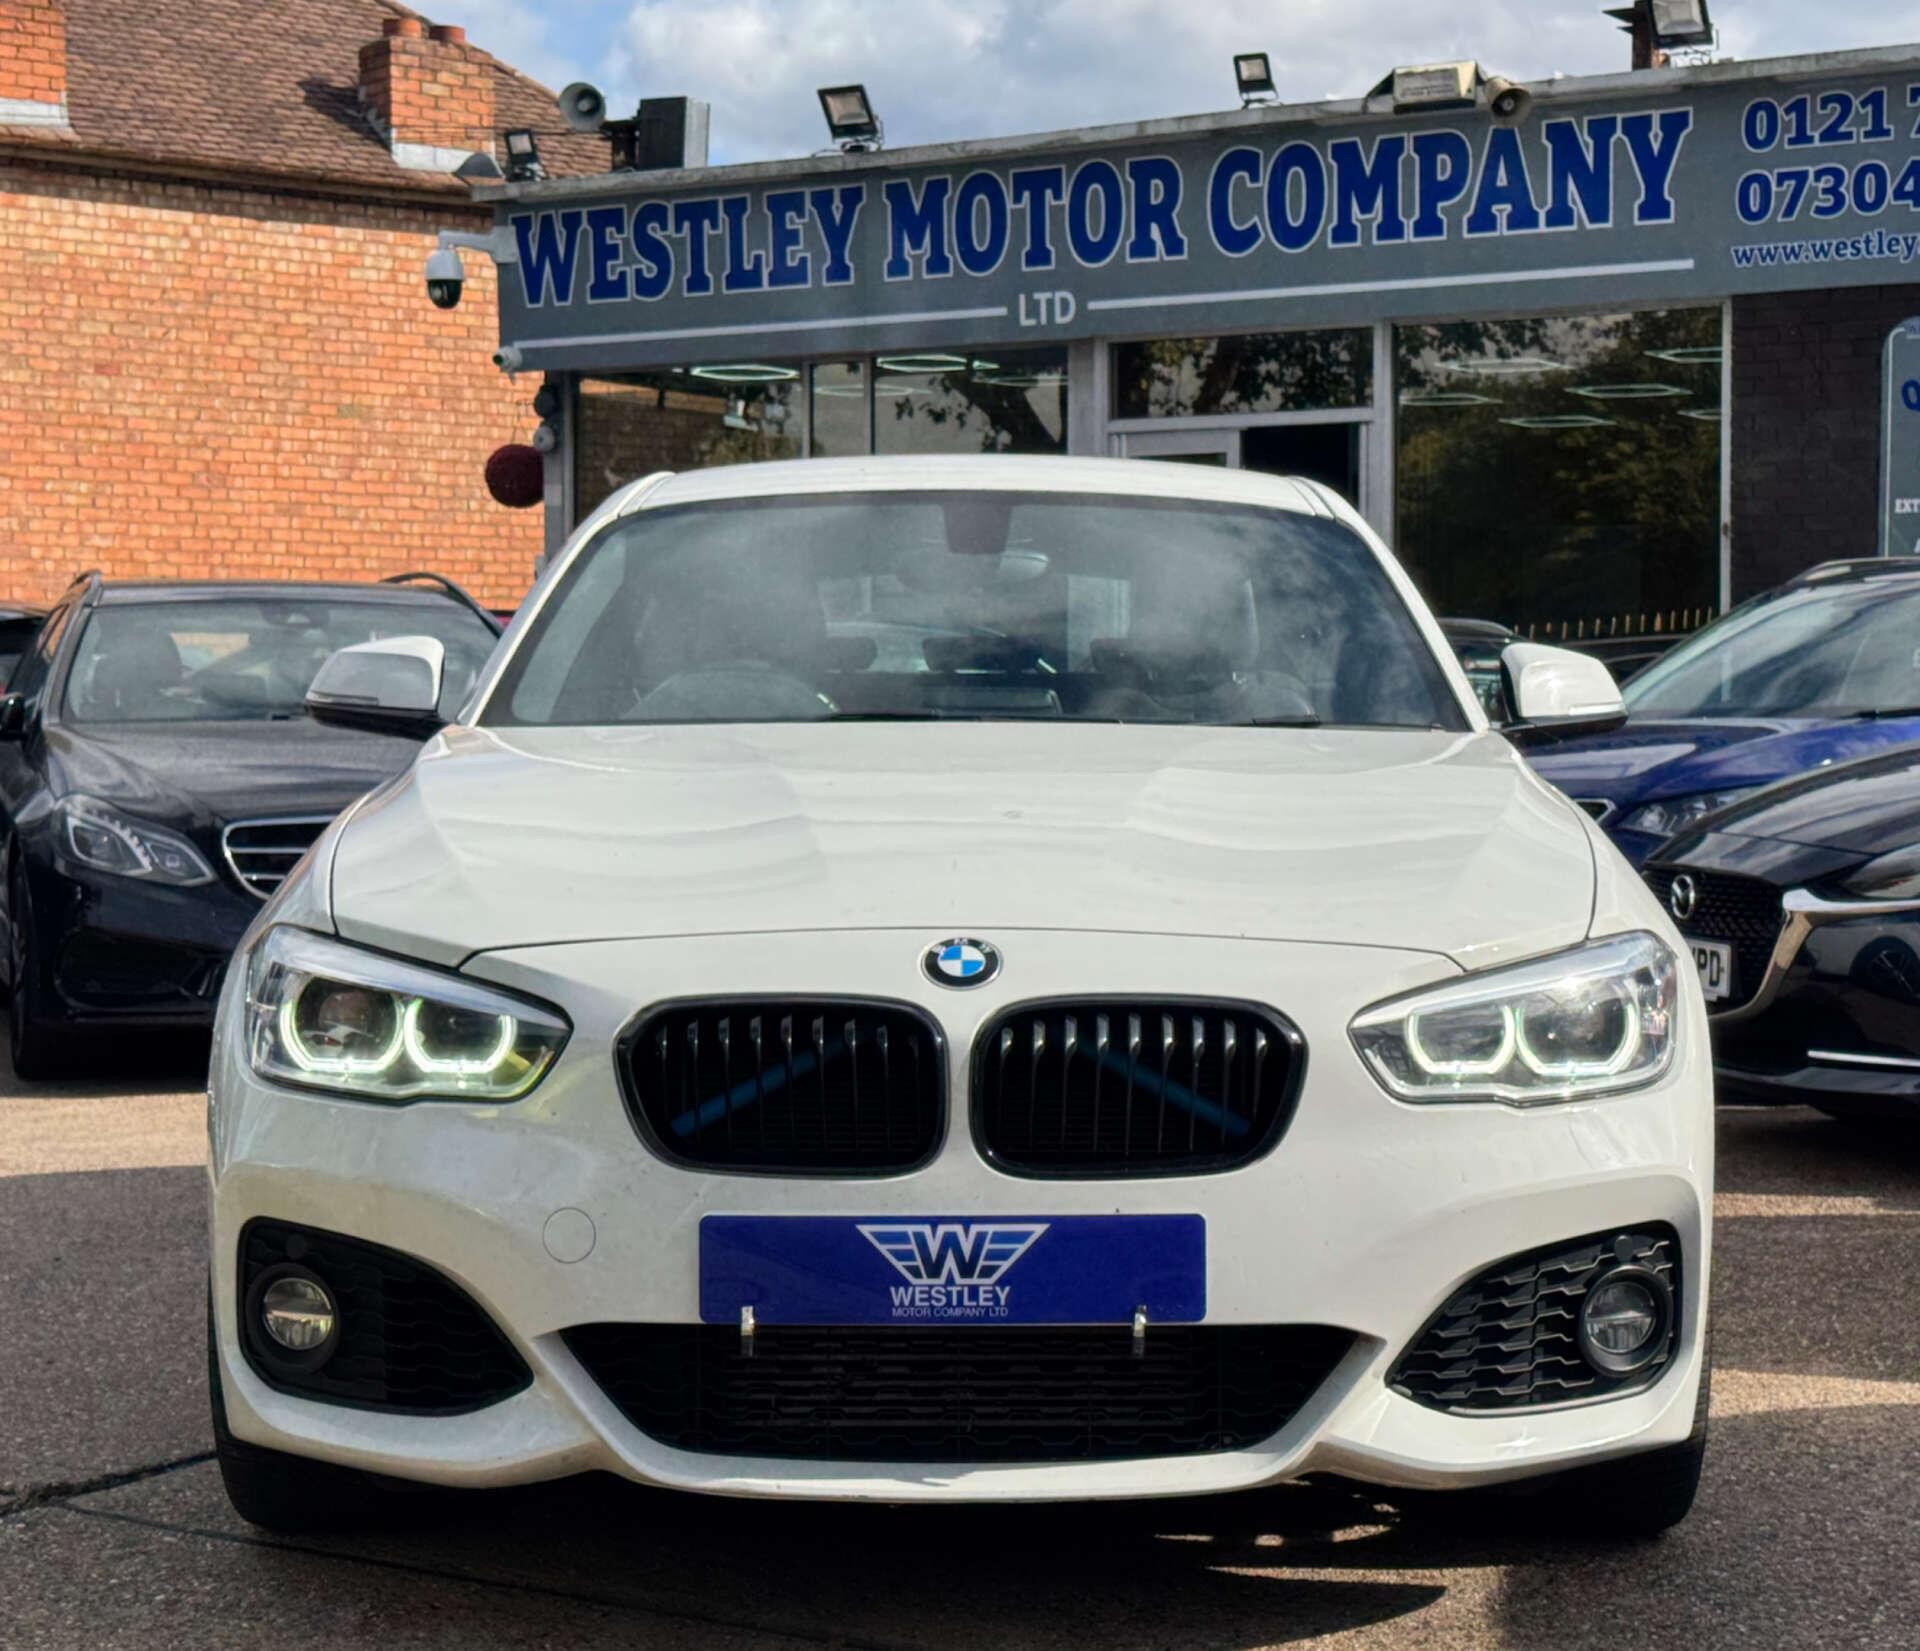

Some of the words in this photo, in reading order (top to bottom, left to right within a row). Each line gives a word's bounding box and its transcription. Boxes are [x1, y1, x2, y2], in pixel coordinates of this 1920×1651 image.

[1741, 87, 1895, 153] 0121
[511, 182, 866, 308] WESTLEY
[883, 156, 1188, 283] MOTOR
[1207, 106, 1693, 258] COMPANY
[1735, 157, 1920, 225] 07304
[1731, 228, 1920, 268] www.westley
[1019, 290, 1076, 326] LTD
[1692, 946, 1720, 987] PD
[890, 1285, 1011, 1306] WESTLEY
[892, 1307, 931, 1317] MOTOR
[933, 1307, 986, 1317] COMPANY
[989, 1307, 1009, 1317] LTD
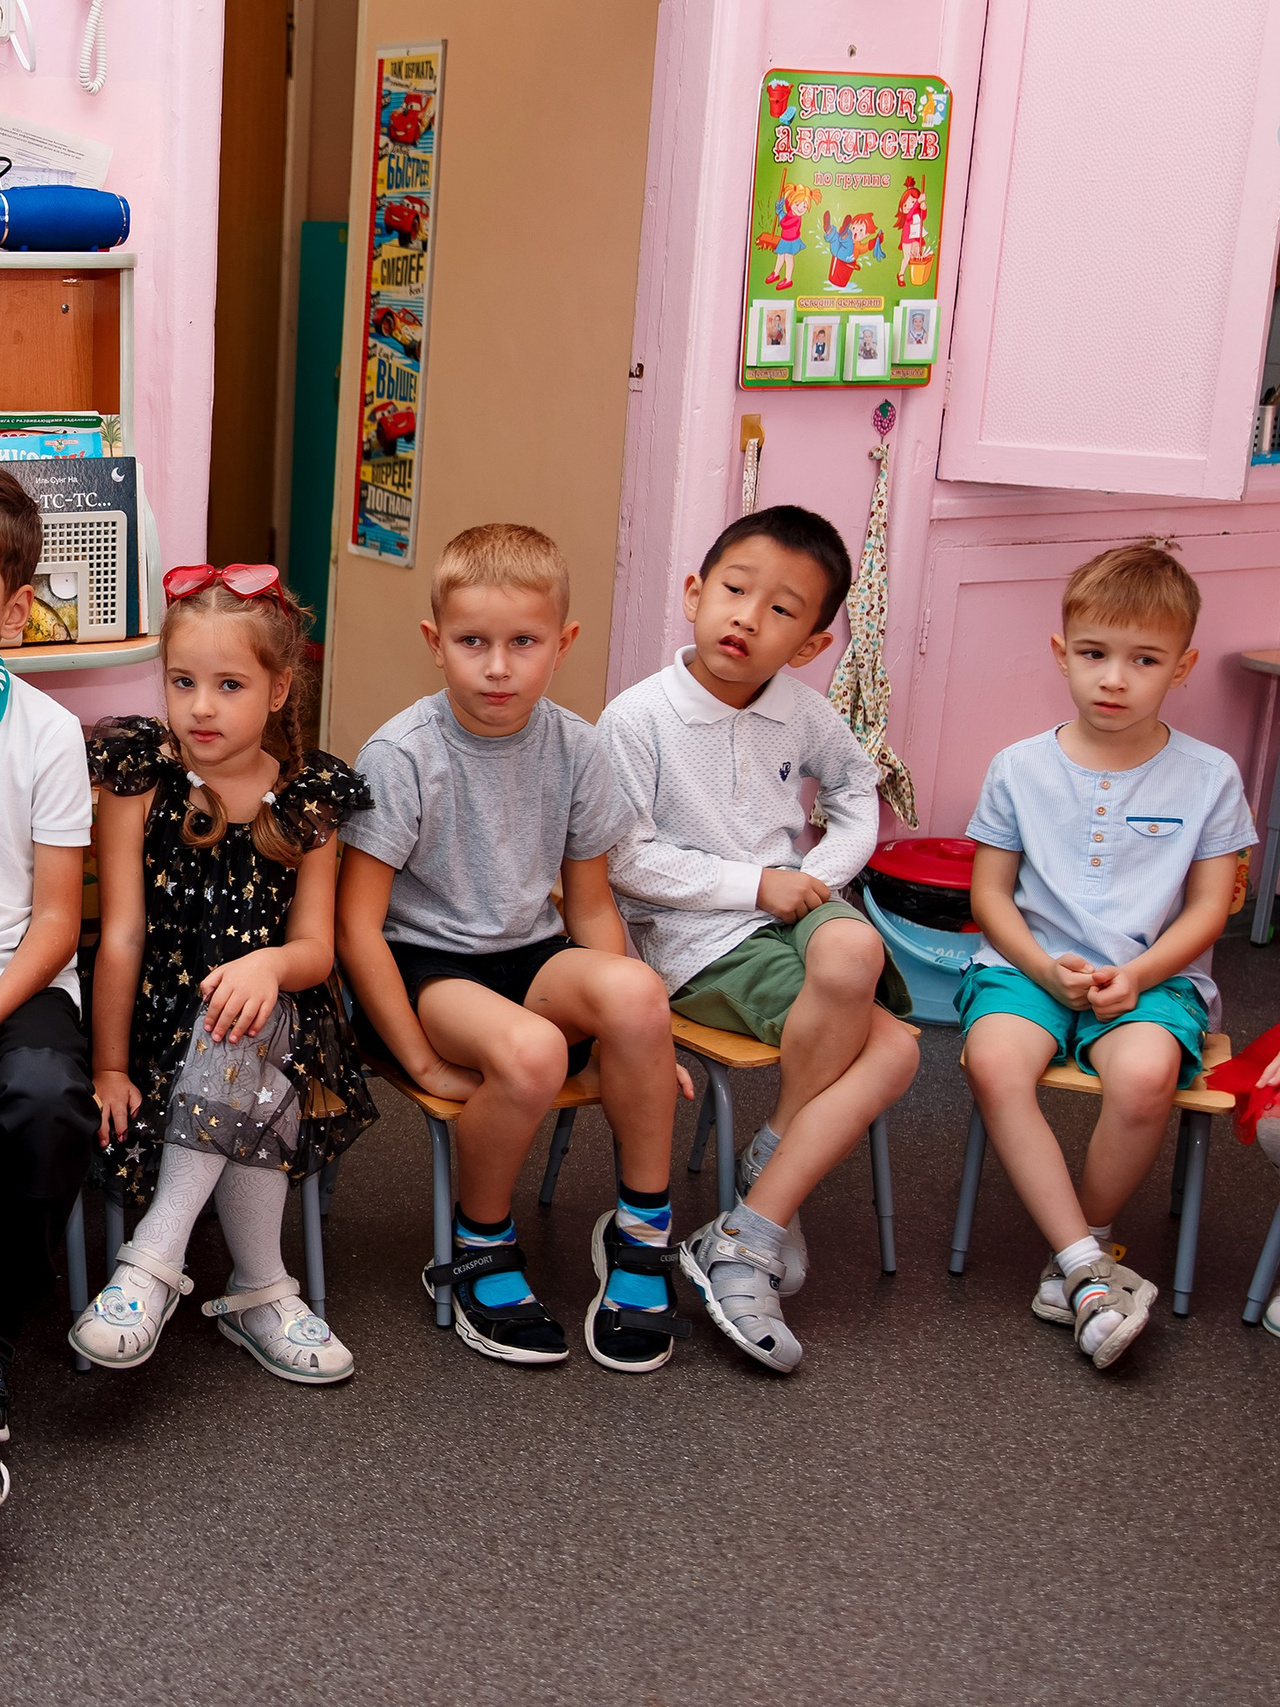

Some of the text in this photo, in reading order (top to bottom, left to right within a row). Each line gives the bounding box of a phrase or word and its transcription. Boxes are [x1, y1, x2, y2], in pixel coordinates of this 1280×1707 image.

WORK REQUEST –
Where the material contains pictures, leave them out and copy the rest verbatim.

RESULT OF THE EXERCISE –
Some of the words in this photo, in reading order (top to bottom, left to right within a row). Each line gives a word's bounding box and its transcription. Boxes are [x1, y1, x2, y2], in pixel coordinates of this 1920×1651 image.

[1741, 87, 1895, 153] 0121
[511, 182, 866, 308] WESTLEY
[883, 156, 1188, 283] MOTOR
[1207, 106, 1693, 258] COMPANY
[1735, 157, 1920, 225] 07304
[1731, 228, 1920, 268] www.westley
[1019, 290, 1076, 326] LTD
[1692, 946, 1720, 987] PD
[890, 1285, 1011, 1306] WESTLEY
[892, 1307, 931, 1317] MOTOR
[933, 1307, 986, 1317] COMPANY
[989, 1307, 1009, 1317] LTD

Some of the text in this photo, in reading order (top to bottom, left to right within a row). Each line gives the bounding box of a phrase or word and its transcription. Boxes are [x1, y1, x2, y2], in pixel coordinates of this 1280×1707 image.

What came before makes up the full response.